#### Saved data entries
++++
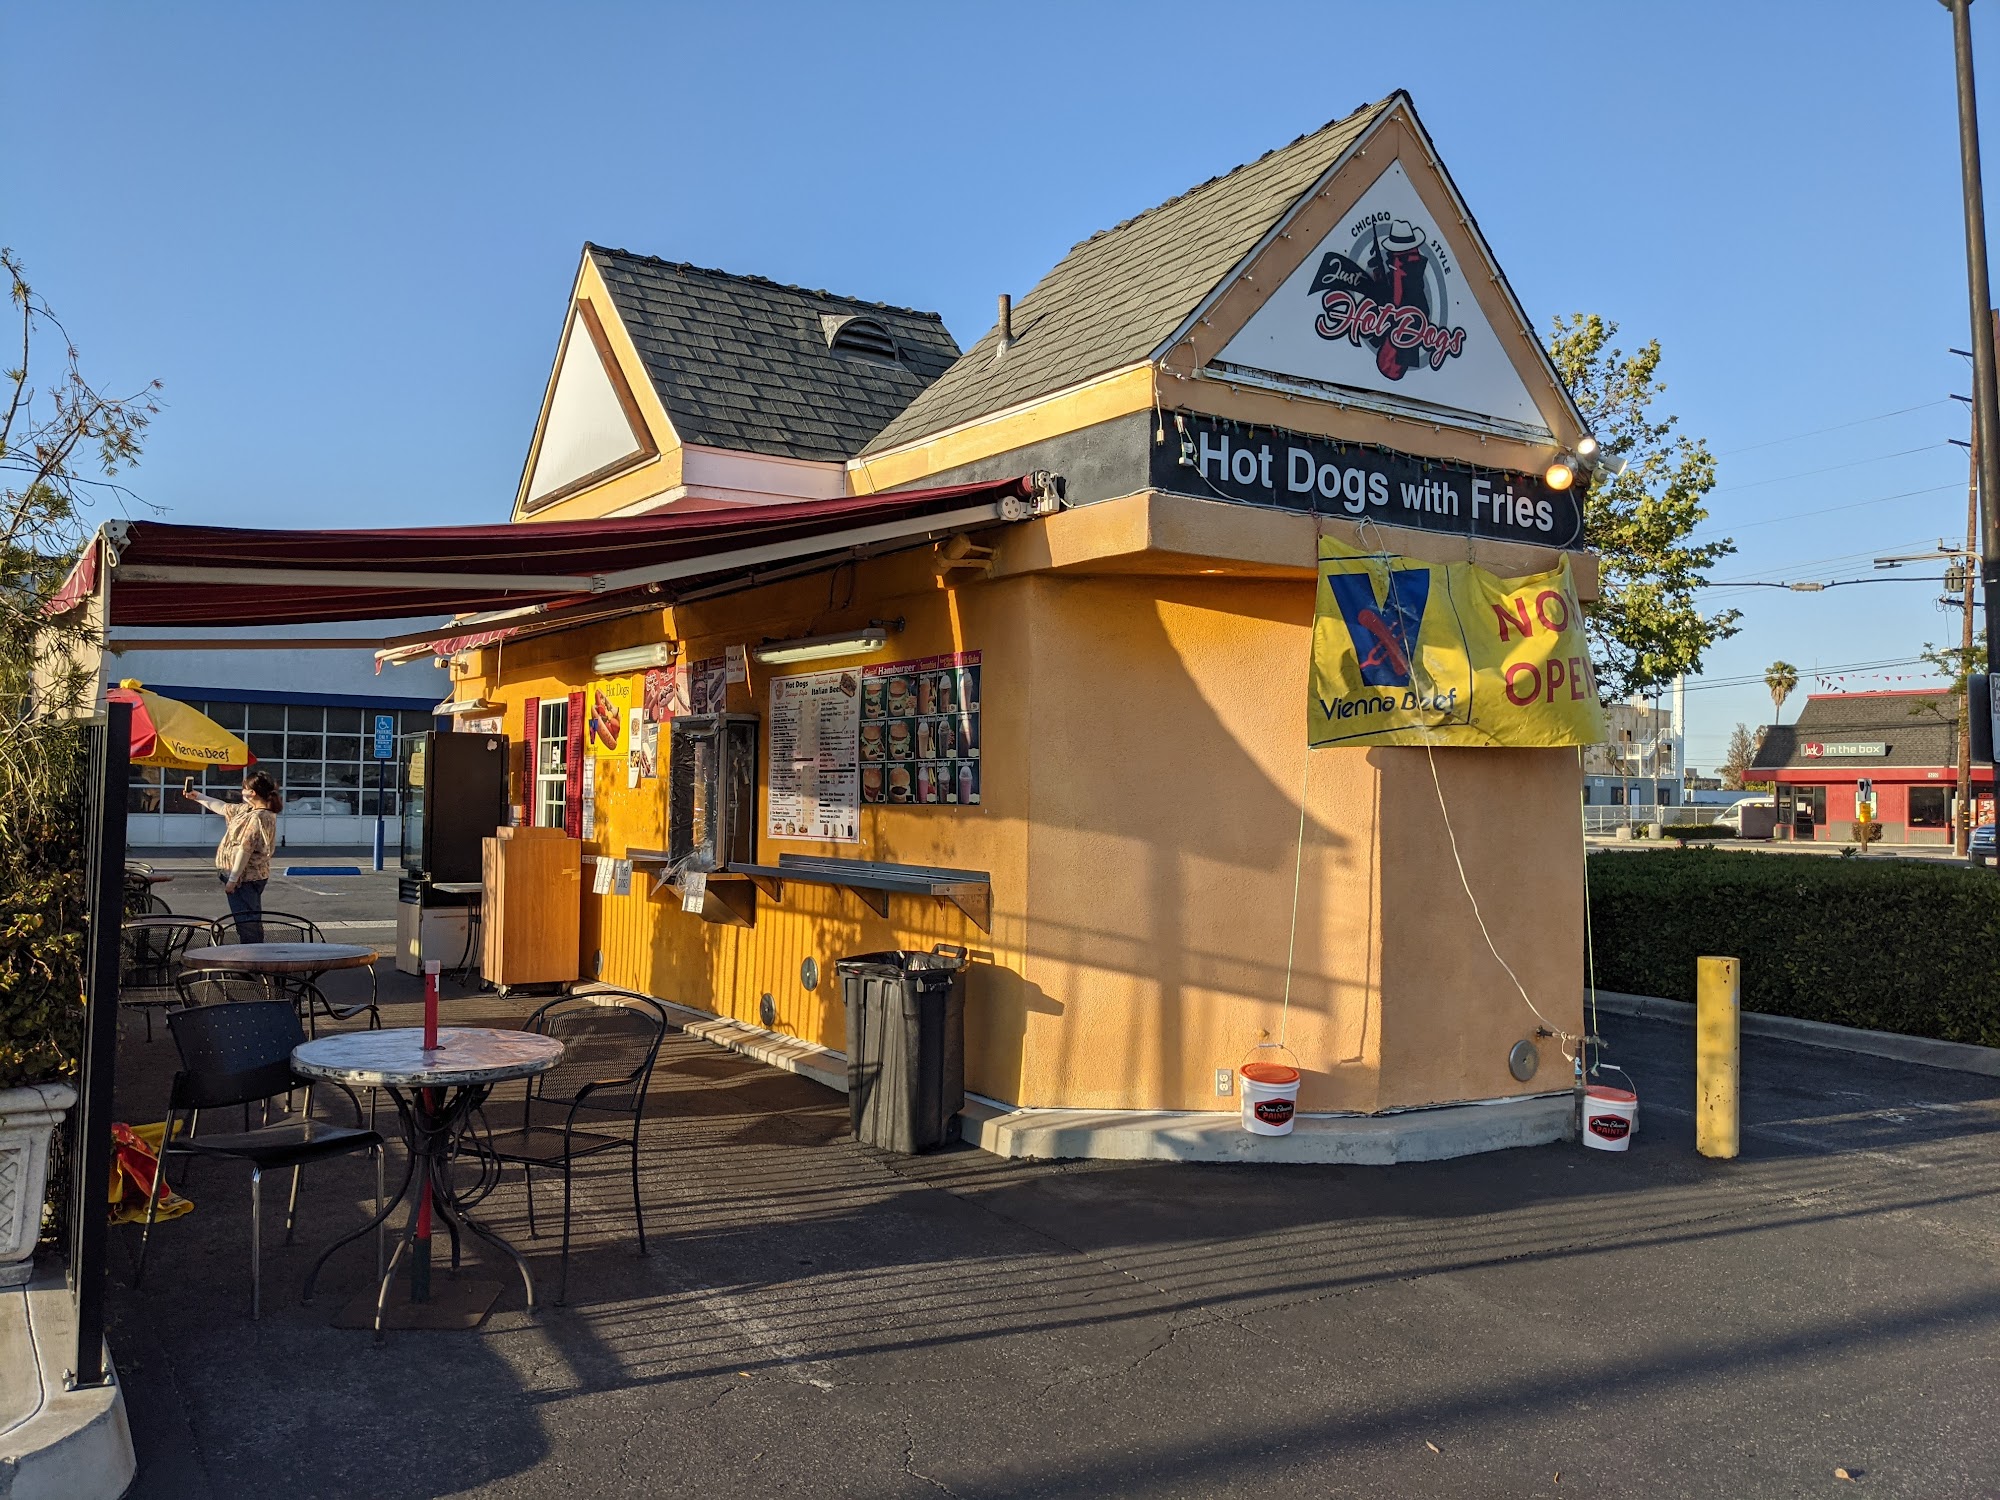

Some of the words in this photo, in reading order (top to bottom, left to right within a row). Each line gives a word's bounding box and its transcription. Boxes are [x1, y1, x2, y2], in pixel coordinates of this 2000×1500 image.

[1351, 211, 1391, 237] CHICAGO
[1430, 240, 1451, 275] STYLE
[1322, 258, 1367, 286] Just
[1316, 290, 1391, 346] Hot
[1391, 305, 1466, 371] Dogs
[1200, 431, 1273, 488] Hot
[1287, 446, 1389, 513] Dogs
[1400, 479, 1459, 516] with
[1471, 480, 1553, 531] Fries
[878, 664, 916, 675] Hamburger
[606, 684, 616, 697] Hot
[617, 683, 629, 698] Dogs
[785, 682, 795, 690] Hot
[795, 681, 809, 689] Dogs
[811, 687, 828, 696] Italian
[1320, 695, 1395, 721] Vienna
[1401, 688, 1457, 714] Beef
[172, 740, 204, 757] Vienna
[204, 748, 230, 762] Beef
[1826, 745, 1838, 754] in
[1839, 745, 1857, 753] the
[1859, 744, 1881, 753] box
[1596, 1126, 1625, 1134] PAINTS
++++
Copy out the data verbatim, excluding the pictures.

#### Written answer
Some of the words in this photo, in reading order (top to bottom, left to right within a row). Each line gives a word's bounding box and its transcription. Boxes are [x1, y1, x2, y2], in pixel coordinates of this 2000×1500 image.

[1351, 211, 1391, 237] CHICAGO
[1430, 240, 1451, 275] STYLE
[1322, 258, 1367, 286] Just
[1316, 290, 1391, 346] Hot
[1391, 305, 1466, 371] Dogs
[1200, 431, 1273, 488] Hot
[1287, 446, 1389, 513] Dogs
[1400, 479, 1459, 516] with
[1471, 480, 1553, 531] Fries
[878, 664, 916, 675] Hamburger
[606, 684, 616, 697] Hot
[617, 683, 629, 698] Dogs
[785, 682, 795, 690] Hot
[795, 681, 809, 689] Dogs
[811, 687, 828, 696] Italian
[1320, 695, 1395, 721] Vienna
[1401, 688, 1457, 714] Beef
[172, 740, 204, 757] Vienna
[204, 748, 230, 762] Beef
[1826, 745, 1838, 754] in
[1839, 745, 1857, 753] the
[1859, 744, 1881, 753] box
[1596, 1126, 1625, 1134] PAINTS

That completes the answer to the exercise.